Sweet and nutty, the adzuki bean is a small red-brown bean frequently used in Japanese desserts. Like other legumes, the adzuki bean is a nutritional powerhouse, rich in protein, fiber and folic acid. Knowing the nutrition information for the little red bean can help you see its benefits in your diet.
Detailed description
Weight-Conscious Calories
If you're trying to lose weight or maintain a healthy weight, eating adzuki beans may help. A 1/2-cup serving of cooked adzuki beans, which weighs 115 grams, contains 147 calories.
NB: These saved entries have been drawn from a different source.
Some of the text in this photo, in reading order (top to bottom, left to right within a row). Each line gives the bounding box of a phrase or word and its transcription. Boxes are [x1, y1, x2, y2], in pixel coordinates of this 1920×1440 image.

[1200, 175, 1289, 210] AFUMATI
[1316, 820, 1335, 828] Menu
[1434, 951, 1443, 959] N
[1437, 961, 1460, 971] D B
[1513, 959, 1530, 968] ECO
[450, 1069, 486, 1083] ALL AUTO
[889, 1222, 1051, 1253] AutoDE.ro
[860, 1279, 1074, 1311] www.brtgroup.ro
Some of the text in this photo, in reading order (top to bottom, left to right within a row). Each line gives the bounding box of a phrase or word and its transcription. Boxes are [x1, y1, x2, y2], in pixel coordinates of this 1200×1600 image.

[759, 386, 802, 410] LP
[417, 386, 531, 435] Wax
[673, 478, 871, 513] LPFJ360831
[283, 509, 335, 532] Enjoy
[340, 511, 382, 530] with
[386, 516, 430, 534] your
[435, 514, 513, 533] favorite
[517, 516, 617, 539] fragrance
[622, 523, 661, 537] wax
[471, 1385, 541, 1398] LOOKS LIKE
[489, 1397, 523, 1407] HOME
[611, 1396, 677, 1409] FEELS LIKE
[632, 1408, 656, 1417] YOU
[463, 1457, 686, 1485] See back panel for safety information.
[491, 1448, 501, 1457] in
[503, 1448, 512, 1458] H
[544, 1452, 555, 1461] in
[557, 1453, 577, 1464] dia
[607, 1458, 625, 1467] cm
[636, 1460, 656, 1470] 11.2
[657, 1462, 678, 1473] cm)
According to the British Nutrition Foundation, adzuki beans are a low-energy-dense food, with 1.3 calories per gram. This means they're low in calories compared to serving size and fill you up with fewer calories, making it easier for you to balance your calories for a healthier weight.
Carbs and Fiber
Most of the calories in the adzuki beans come from its carbohydrate content. A 1/2-cup serving of cooked beans contains 28 grams of carbs. The Institute of Medicine recommends that 45 to 65 percent of the calories in your diet come from carbs. Some of the carbs in the beans come from its fiber content, with 8 grams of fiber in the 1/2-cup serving. Getting more fiber in your diet may reduce your risk of type 2 diabetes, obesity and heart disease, according to the 2010 Dietary Guidelines for Americans. Women need 25 grams of fiber a day, while men require 38 grams.